Mr. Obama's February budget provided the outline, but the House bill now fills in the details. To wit, tax increases that would take U.S. rates higher even than most of Europe. Yet even those increases aren't nearly enough to finance the $1 trillion in new spending, which itself is surely a low-ball estimate. Meanwhile, the bill would create a new government health entitlement that will kill private insurance and lead to a government-run system.

Hyperbole? That's what people said when we warned about this last fall in "A Liberal Supermajority," but even we underestimated the ideological willfulness of today's national Democrats. Consider only a few of the details:

A huge new income surtax. The bill's main financing comes from another tax increase on top of the increase already scheduled for 2011 under Mr. Obama's budget. The surtax starts at one percentage point for adjusted gross income above $350,000 in 2011, rising to two points in 2013; a 1.5 point surtax at incomes above $500,000, rising to three in 2013; and a whopping 5.4 percentage points in 2011 and beyond on incomes above $1 million.

This would raise the top marginal federal tax rate back to roughly 47% or 48%, if you include the Medicare tax and the phase-out of certain deductions and exemptions. With the current top rate at 35%, this would be the largest rate increase outside the Great Depression or world wars.

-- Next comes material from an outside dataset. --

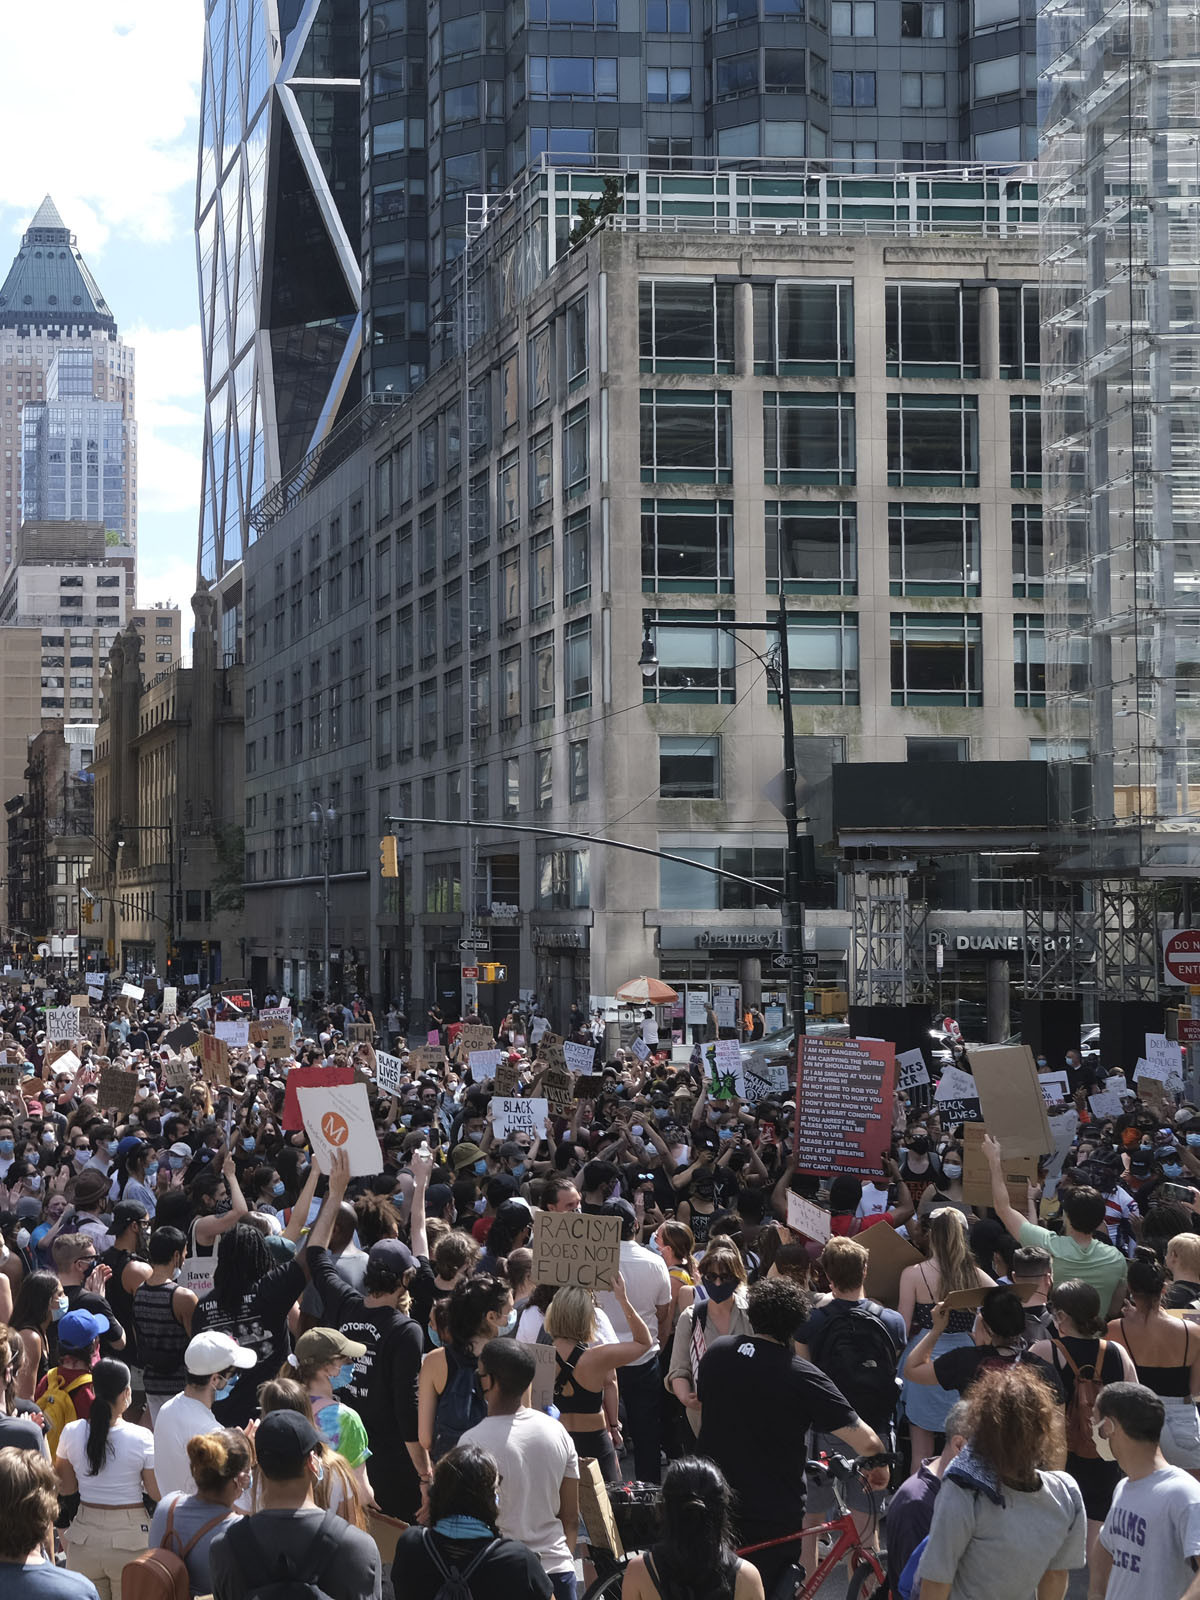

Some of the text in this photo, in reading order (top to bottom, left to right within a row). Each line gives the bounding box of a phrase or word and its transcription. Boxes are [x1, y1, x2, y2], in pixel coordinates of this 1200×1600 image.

The average U.S. top combined state-federal marginal tax rate would hit about 52%. This would be higher than in all but three (Denmark, Sweden, Belgium) of the 30 countries measured by the OECD. According to the nearby table compiled by the Heritage Foundation, taxpayers in at least five U.S. states would pay higher marginal rates even than Sweden. South Korea, which Democrats worry is stealing American jobs, would be able to grab even more as its highest rate is a far more competitive 38.5%.

House Democrats say they deserve credit for being honest about the tax increases needed to fund their ambitions. But then they also claim that this surtax would raise $544 billion in new revenue over 10 years. America's millionaires aren't that stupid; far fewer of them will pay these rates for very long, if at all. They will find ways to shelter income, either by investing differently or simply working less. Small businesses that pay at the individual rate will shift to pay the 35% corporate rate. When the revenue doesn't materialize, Democrats will move to soak the middle class with a European-style value-added tax.

Phony numbers. Democrats will have to come up with something, because even the surtax puts their bill at least $300 billion short of honest financing. The public insurance "option" doesn't even begin until 2013 and the costs are heavily weighted toward the later years, but the tax hikes start in 2011. So under Congress's 10-year budget window, the House bill is able to pay for seven years of spending with nine years of taxes. Andy Laperriere of the ISI Group estimates the bill would add $95 billion to the deficit in 2019 alone.

Then there's yesterday's testimony, from Congressional Budget Office (CBO) Director Doug Elmendorf, that ObamaCare's cost "savings" are an illusion. Mr. Obama claims government can cover more people and pay less to do it. But Mr. Elmendorf told the Senate Finance Committee that "In the legislation that has been reported we don't see the sort of fundamental changes that would be necessary to reduce the trajectory of federal spending by a significant amount. And on the contrary, the legislation significantly expands the federal responsibility for healthcare costs."

Further on the public plan: "It raises the amount of activity that is growing at this unsustainable rate."

No matter, Speaker Nancy Pelosi is whisking the bill through House committees even before CBO has had a chance to score it in detail. As Wisconsin Republican Paul Ryan put it to us, "We will not have read it, and we will not have a score of it, but we will have passed it out of committee."

A new payroll tax. Unemployment is at 9.5% and rising, but Democrats will nonetheless impose a new eight percentage point payroll tax on employers who don't provide health insurance for employees. This is on top of the current 15% payroll tax, and in addition to a new 2.5-percentage point tax on individuals who don't buy health insurance. This means that any employer with more than $400,000 in payroll would have to pay at least 25% above the salary to hire someone. Result: Many fewer new jobs, with a higher structural jobless rate, much as Europe has experienced as its welfare states have expanded.

Other new taxes, including an as yet undetermined levy on private health plans. This tax, which Democrats say could raise $100 billion or so, would make it even harder for private plans to compete with the government plan, which would already benefit from government subsidies and lower capital costs. For good measure, the House bill also gets the ball rolling on tax increases on foreign-source corporate income.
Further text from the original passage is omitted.